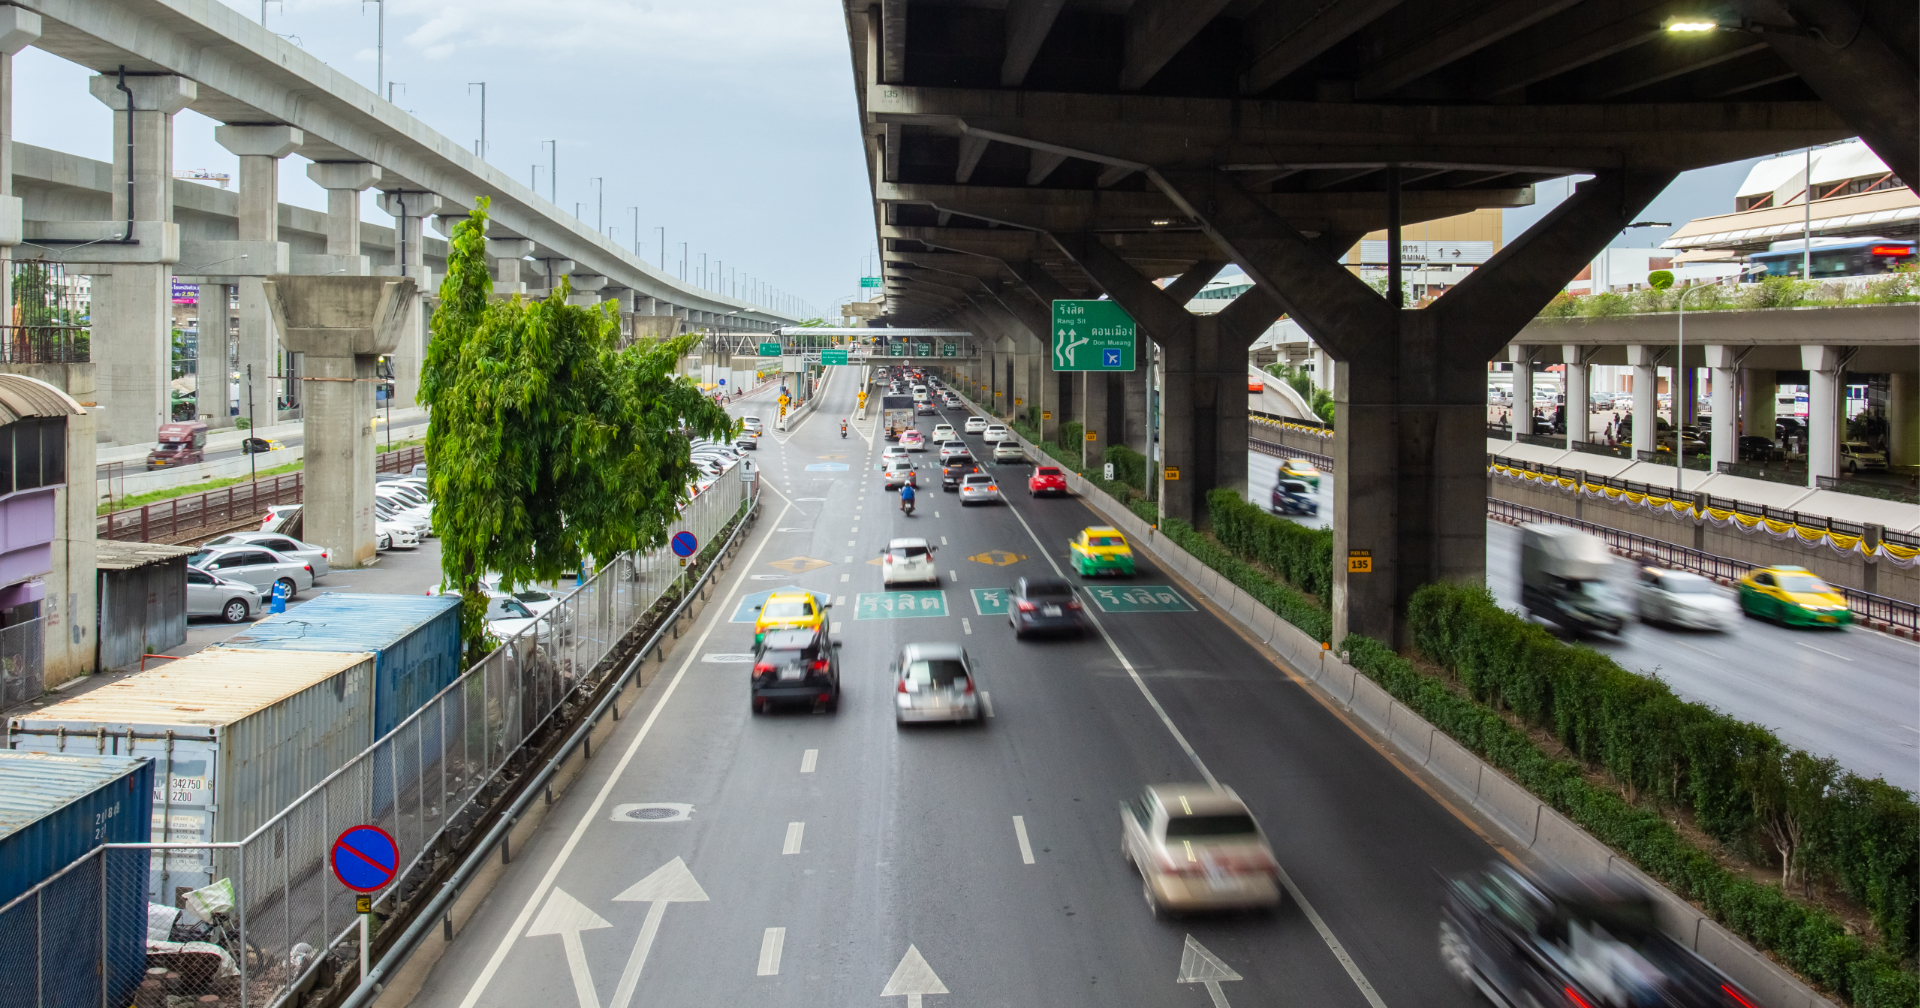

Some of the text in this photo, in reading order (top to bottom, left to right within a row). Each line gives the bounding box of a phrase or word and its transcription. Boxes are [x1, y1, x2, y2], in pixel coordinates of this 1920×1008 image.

[884, 90, 898, 98] 135
[1438, 248, 1444, 258] 1
[1060, 303, 1084, 314] รังสิต
[1092, 325, 1132, 336] ดอนเมือง
[1351, 560, 1368, 569] 135
[1097, 588, 1180, 604] รังสิต
[863, 593, 940, 612] รังสิต
[172, 778, 201, 790] 342750
[208, 780, 213, 790] 6
[172, 791, 192, 802] 2200
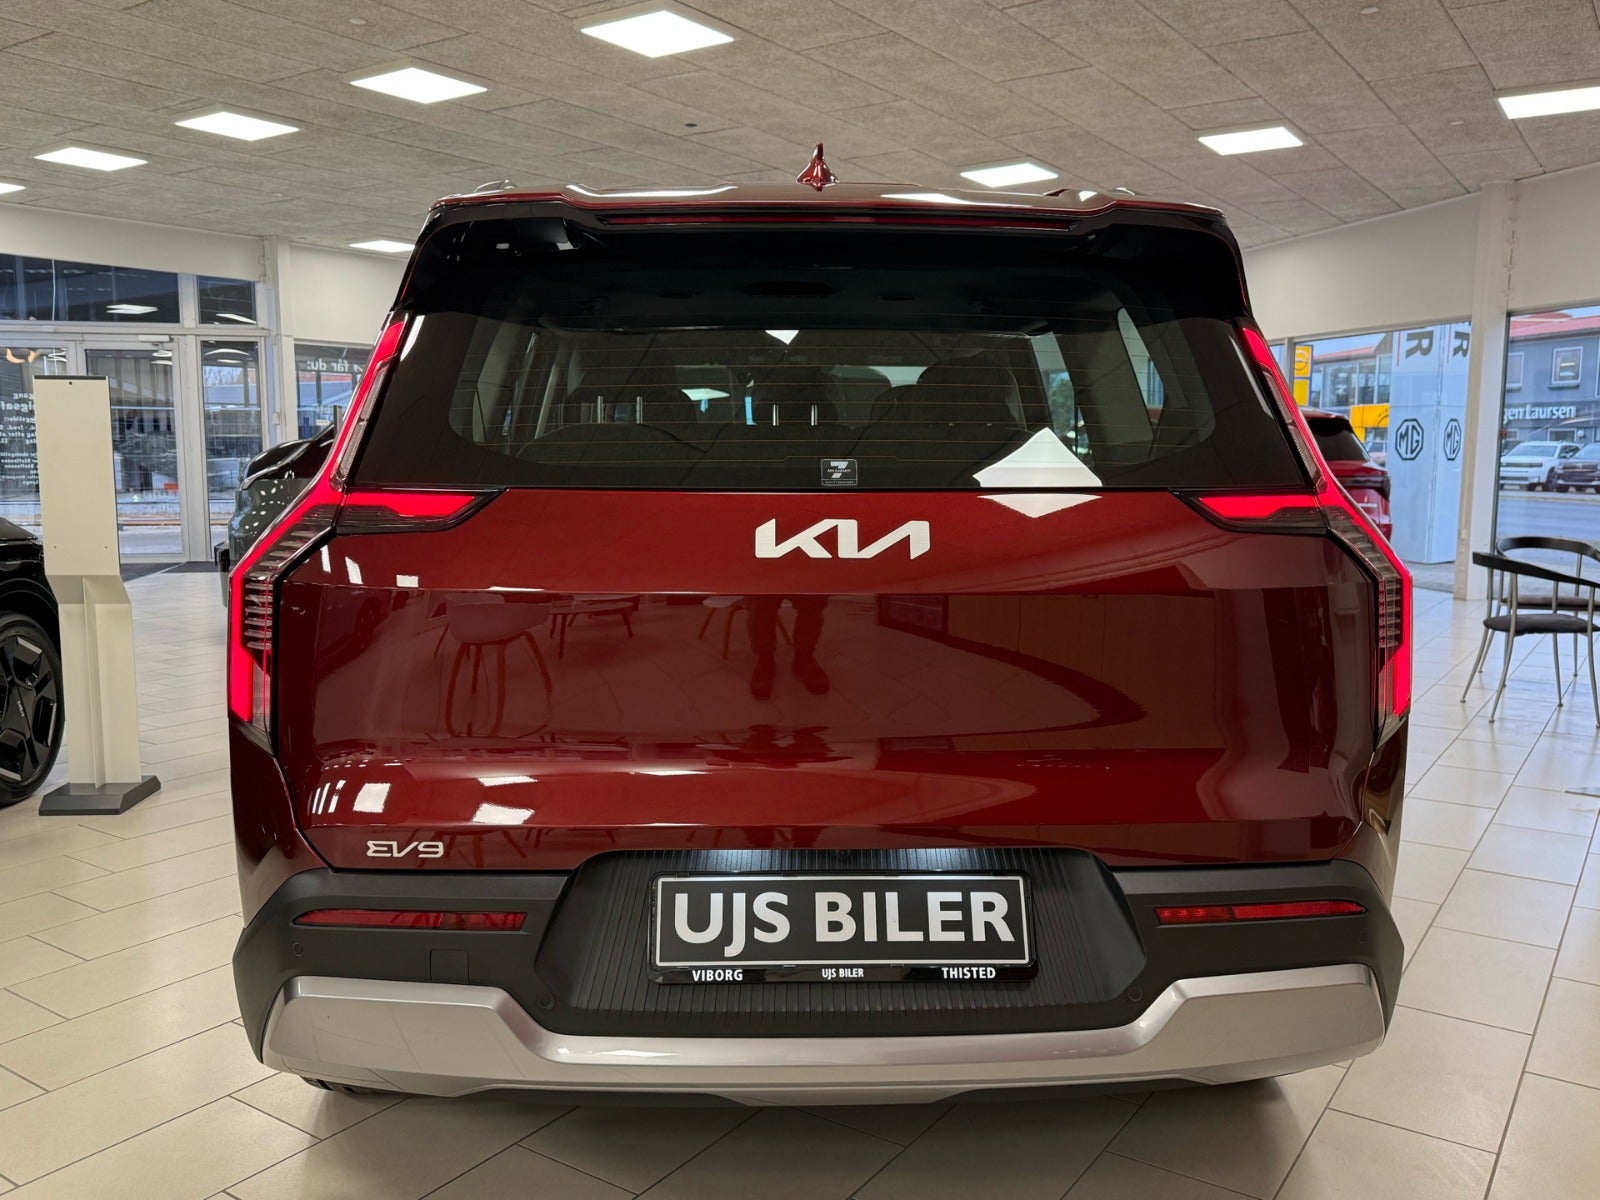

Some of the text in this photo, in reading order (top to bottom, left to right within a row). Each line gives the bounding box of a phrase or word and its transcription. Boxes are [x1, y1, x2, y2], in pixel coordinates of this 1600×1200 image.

[1525, 404, 1578, 420] Laursen
[1397, 422, 1422, 457] MG
[1445, 422, 1460, 457] MG
[755, 518, 931, 560] KIA
[366, 840, 445, 859] EV9
[674, 891, 1016, 958] UJS BILER
[691, 968, 744, 982] VIBORG
[821, 968, 865, 980] UJS BILER
[941, 966, 996, 980] THISTED
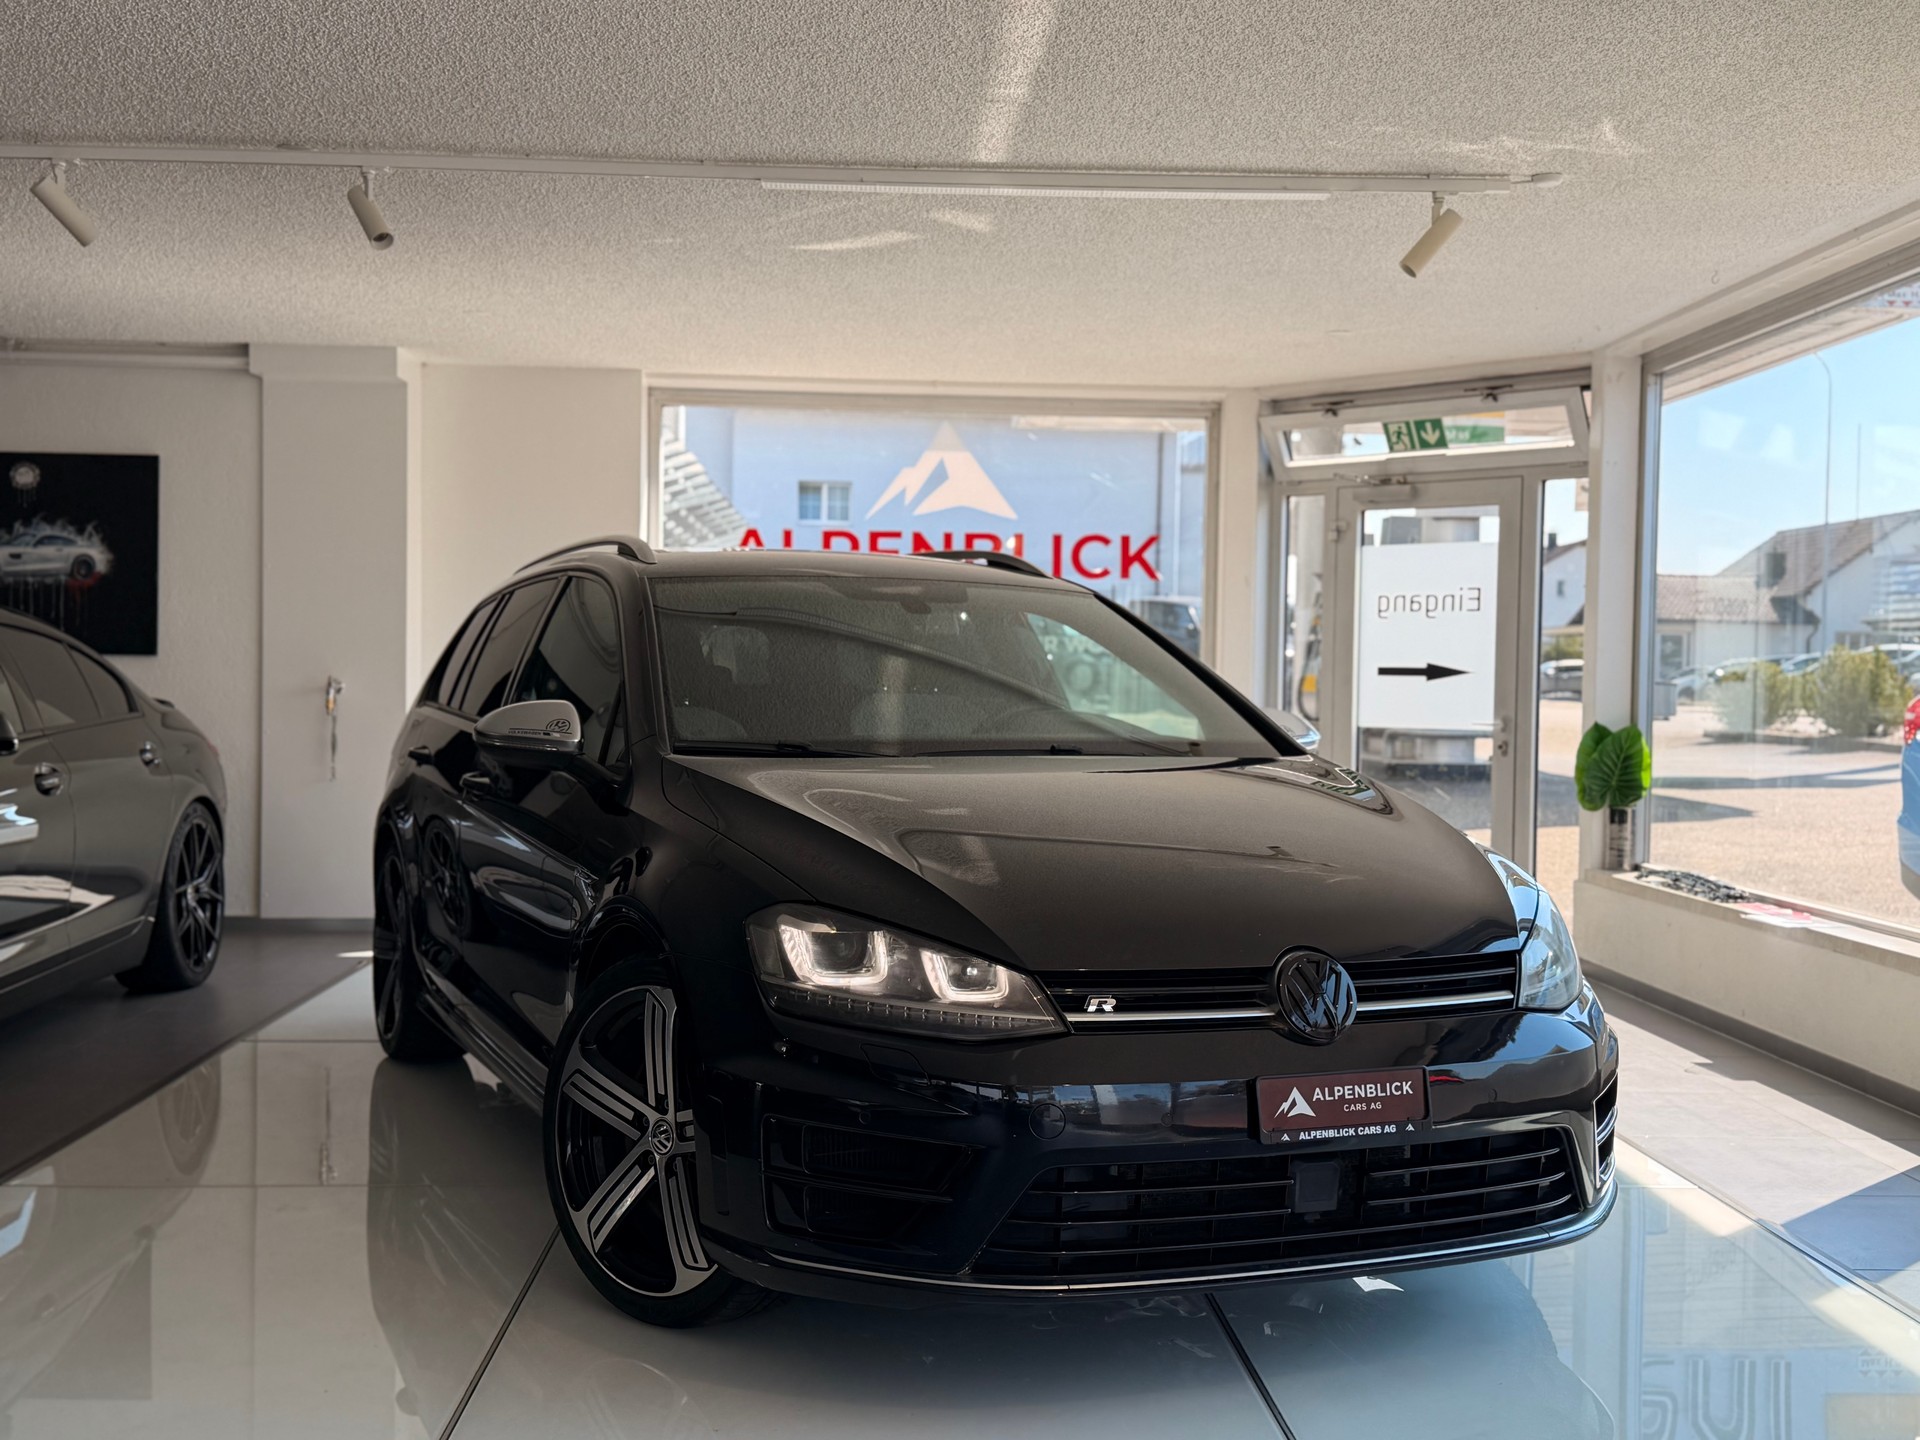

> _TASK DETAILS_:
Write the entries above out in full, exactly, with no images.

> _COMPLETED EXERCISE_:
Some of the text in this photo, in reading order (top to bottom, left to right within a row). Each line gives the bounding box of a phrase or word and its transcription. Boxes are [x1, y1, x2, y2], in pixel coordinates of this 1920×1008 image.

[884, 90, 898, 98] 135
[1438, 248, 1444, 258] 1
[1060, 303, 1084, 314] รังสิต
[1092, 325, 1132, 336] ดอนเมือง
[1351, 560, 1368, 569] 135
[1097, 588, 1180, 604] รังสิต
[863, 593, 940, 612] รังสิต
[172, 778, 201, 790] 342750
[208, 780, 213, 790] 6
[172, 791, 192, 802] 2200

Some of the text in this photo, in reading order (top to bottom, left to right within a row). Each line gives the bounding box of a phrase or word and its transcription. Boxes are [x1, y1, x2, y2], in pixel coordinates of this 1600×1200 image.

[1525, 404, 1578, 420] Laursen
[1397, 422, 1422, 457] MG
[1445, 422, 1460, 457] MG
[755, 518, 931, 560] KIA
[366, 840, 445, 859] EV9
[674, 891, 1016, 958] UJS BILER
[691, 968, 744, 982] VIBORG
[821, 968, 865, 980] UJS BILER
[941, 966, 996, 980] THISTED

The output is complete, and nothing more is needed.